Capter le CO2 des installations industrielles pour le stocker ou le réutiliser est l'une des armes disponibles dans l'arsenal de lutte contre le réchauffement climatique. Si l'on en croit quelques esprits aiguisés sur la question, c'est même un passage obligé pour toute stratégie globale un peu sérieuse en la matière. Bizarrement, cette technologie a longtemps constitué un angle mort de la lutte contre le réchauffement, écartelée entre des intérêts divergents, son coût et une bonne dose de dogmatisme. Les ingénieurs, eux, maîtrisent déjà bien le procédé, utilisé depuis longtemps dans l'industrie pétrolière, mais plutôt de façon incidente : pour optimiser la production plus que pour des raisons écologiques.

Le process
Les fondamentaux (Source Aker Carbon Capture)

Urgence oblige, le nombre d'installations en service est en train de croître et des dizaines de démonstrateurs sont en cours de test. C'est dans cet environnement qu'évolue Aker Carbon Capture, une société qui fait partie de l'empire de Kjell Inge Røkke, un personnage haut en couleur qui est devenu l'un des hommes les plus riches de Norvège après avoir débuté comme simple pêcheur, nous dit la petite histoire. Via son holding Aker ASA, Røkke règne sur une galaxie d'entreprises qui va des services maritimes au transport de pétrole, en passant par les ingrédients biomarins, la construction navale et même l'édition de logiciels.

Aker Carbon Capture a été scindée d'Aker Solutions et introduite en bourse à l'été 2020. La dot de la société comprenait l'équipe dédiée à la capture du CO2, un portefeuille de brevets et des projets plus ou moins avancés. Et le prestige de l'entreprise qui avait conçu et déployé la mère de toutes les installations CSC avec stockage dédié, sur la plateforme Sleipner en Mer de Norvège, dès 1996. Aker Carbon Capture utilise une solution de captage du CO2 classique à base de solvant d'amine, mais dispose d'une importante expérience, qui lui permet d'exister dans un secteur où se concurrencent grosses ingénieries, géants pétroliers et jeunes pousses innovantes. La preuve ? Deux gros dispositifs de capture sont en cours de déploiement, dans une cimenterie norvégienne et une usine de valorisation des déchets aux Pays-Bas.

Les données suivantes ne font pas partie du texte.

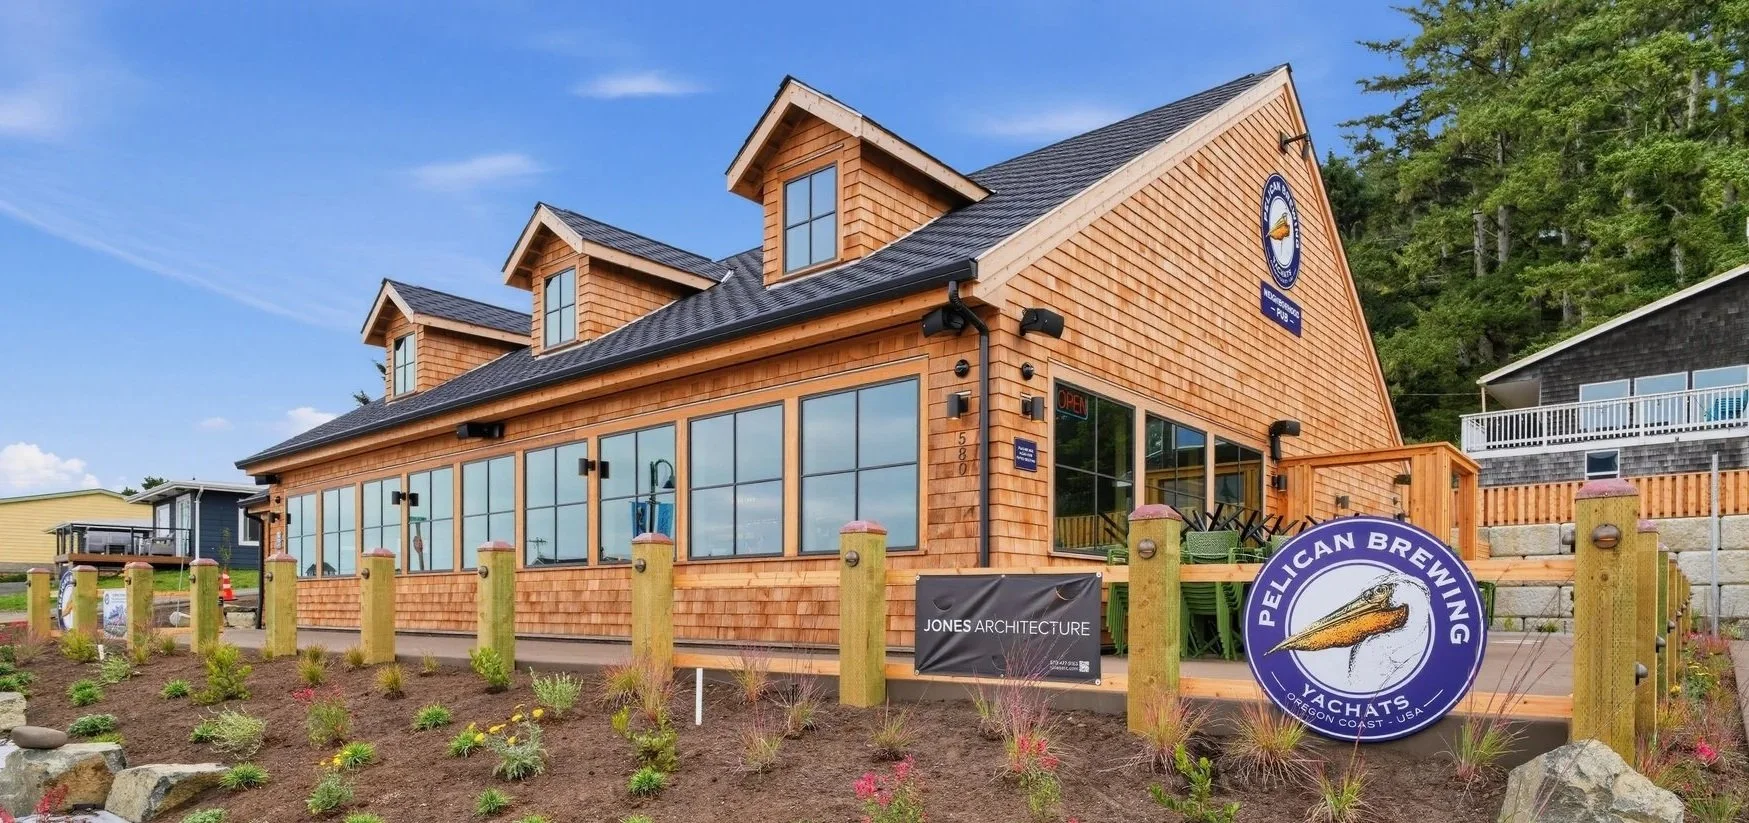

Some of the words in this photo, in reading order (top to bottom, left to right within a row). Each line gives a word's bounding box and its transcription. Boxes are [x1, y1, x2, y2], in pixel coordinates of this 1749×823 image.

[1264, 181, 1281, 222] PELICAN
[1281, 185, 1299, 249] BREWING
[1263, 288, 1300, 319] NEIGHBORHOOD
[1276, 307, 1289, 323] PUB
[1058, 389, 1087, 416] OPEN
[1258, 532, 1355, 627] PELICAN
[1367, 531, 1470, 645] BREWING
[923, 618, 972, 633] JONES
[974, 619, 1091, 636] ARCHITECTURE
[1287, 692, 1335, 723] OREGON
[1338, 719, 1384, 729] COAST
[1396, 707, 1424, 723] USA
[1301, 683, 1410, 718] YACHATS

Malgré ses références et son ancienneté, Aker Carbon Solutions n'est pas une société mature. D'ailleurs, le déploiement d'installations complexes et coûteuses telles que celles qui viennent d'être citées est long et immobilise des ressources considérables. Il faut plusieurs années avant d'espérer pouvoir en récolter les fruits, avec un risque non-négligeable de dérive, aussi bien sur le calendrier que sur les coûts. Qui plus est, le client a acheté un certain niveau de performance dans la capture du carbone, ce qui implique d'être à la hauteur des promesses pour le fournisseur. Aker Carbone Capture dispose d'une offre facilement lisible pour les industriels : "Just Catch", un design compact et modulaire capable de capter 40 à 100 kt par an, déployable en 15 à 24 mois. Et "Big Catch", une installation sur mesure de capacité supérieure à 400 kt par an, déployable en 30 à 36 mois.

Les solutions
Les produits du groupe (Source Aker Carbon Capture)

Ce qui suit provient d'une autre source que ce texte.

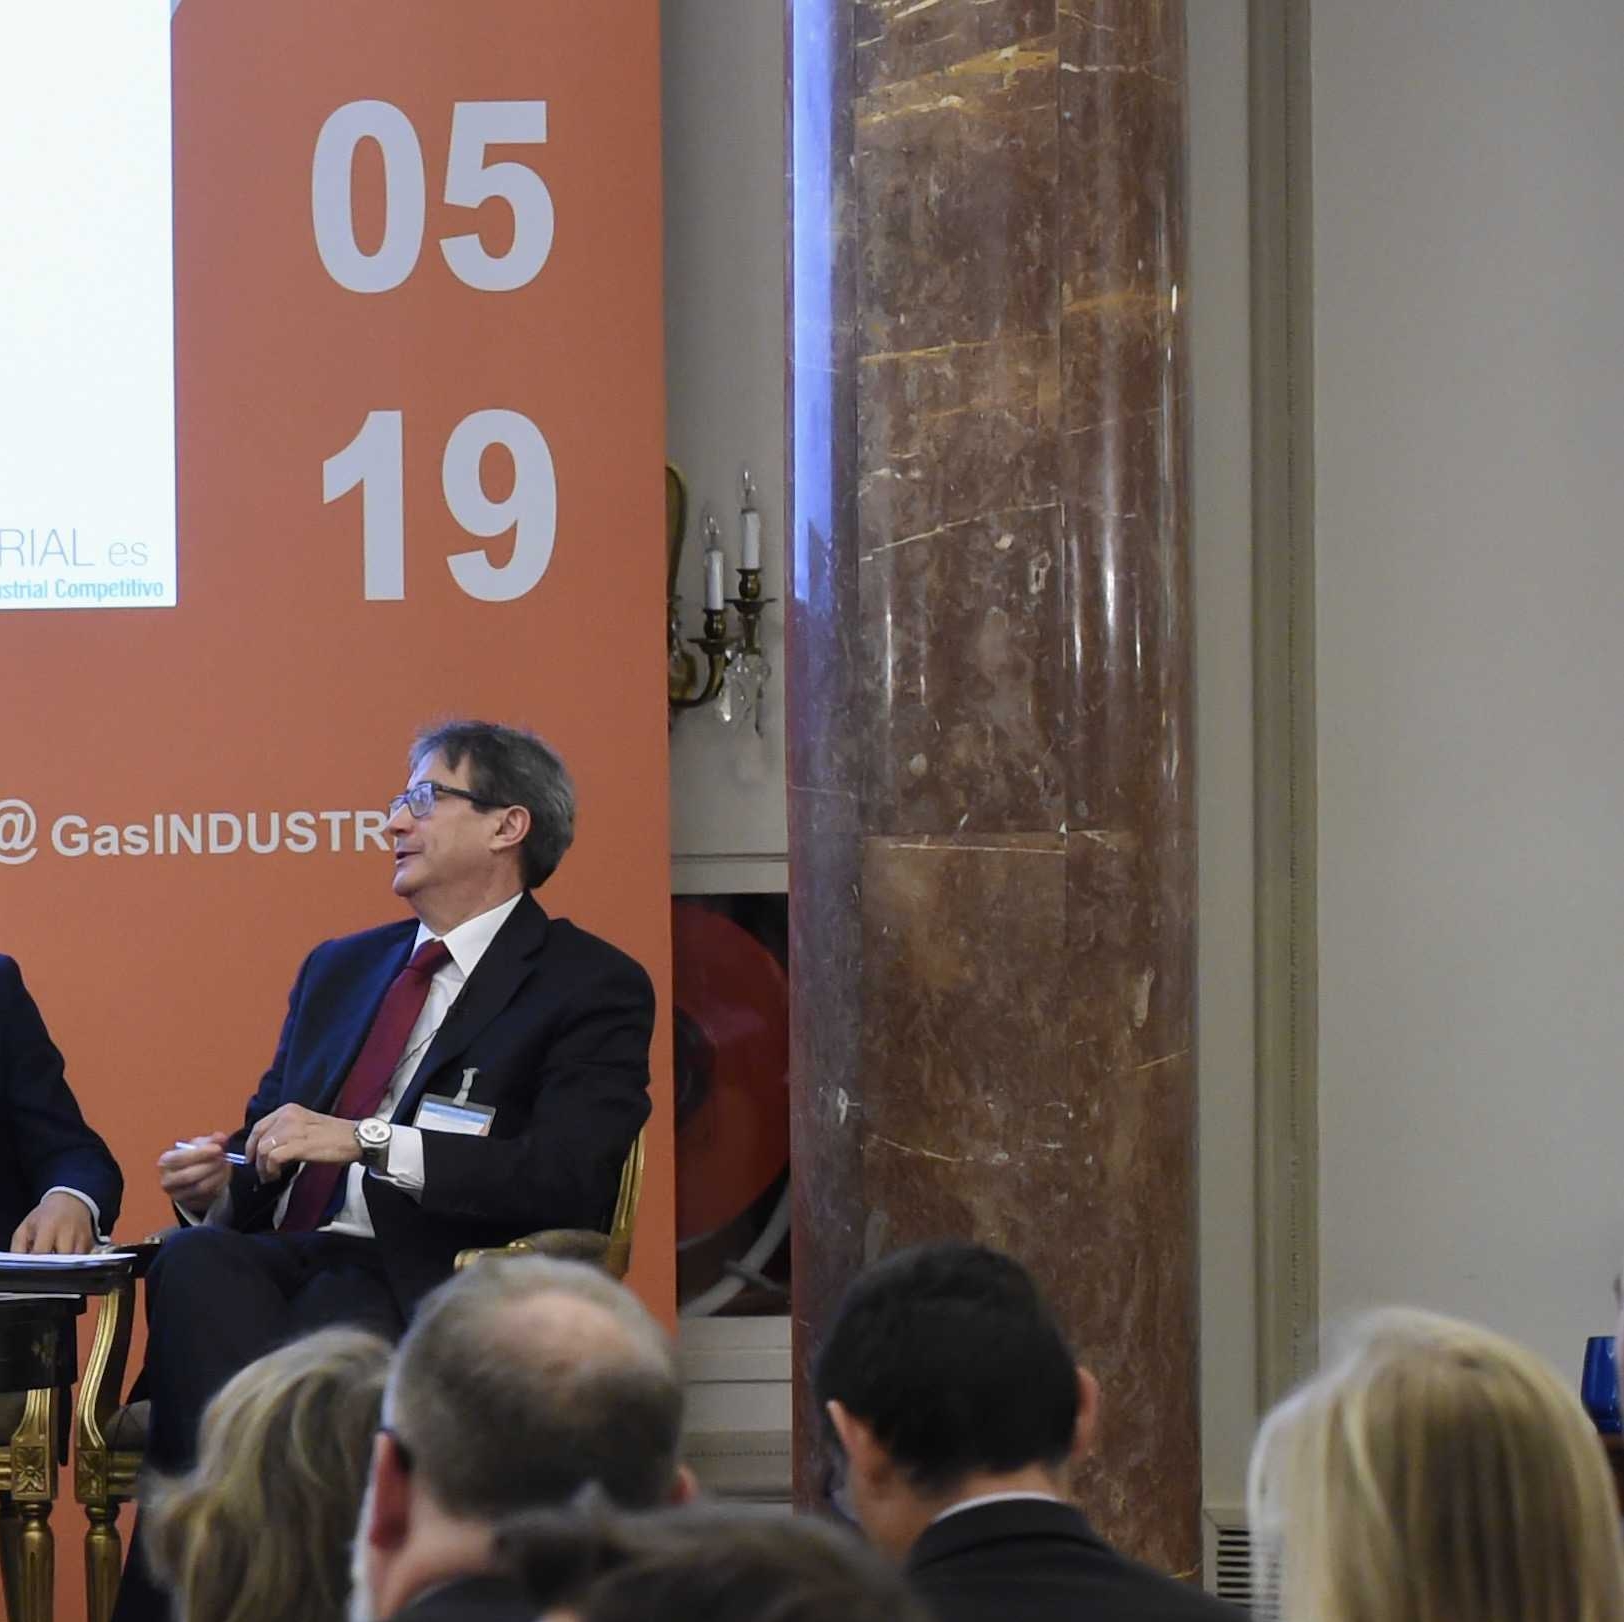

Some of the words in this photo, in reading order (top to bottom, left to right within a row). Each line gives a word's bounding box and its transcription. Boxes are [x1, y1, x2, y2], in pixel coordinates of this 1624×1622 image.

[310, 99, 555, 294] 05
[55, 576, 164, 602] Competitivo
[322, 407, 558, 603] 19

En ce qui concerne le volet financier, on reste dans une configuration de société en phase précoce. Aker Carbon Capture a engrangé 363 millions de couronnes norvégiennes (environ 34,5 M€) de chiffre d'affaires en 2021 pour une perte opérationnelle de 195 MNOK (environ 18,5 M€). Le déficit devrait culminer cette année à 223 MNOK pour 768 MNOK de chiffre d'affaires, avant de se réduire à mesure que les installations commenceront à fonctionner. La société a pour avantage d'être adossée à un actionnaire robuste et de disposer d'une technologie éprouvée, ce qui lui confère quelques atouts pour mener à la maturité commerciale ses principaux projets. L'enjeu est double. Non seulement atteindre l'équilibre opérationnel, peut-être en 2025. Mais surtout disposer de vitrines pour convaincre d'autres industriels de lancer leurs propres projets de capture.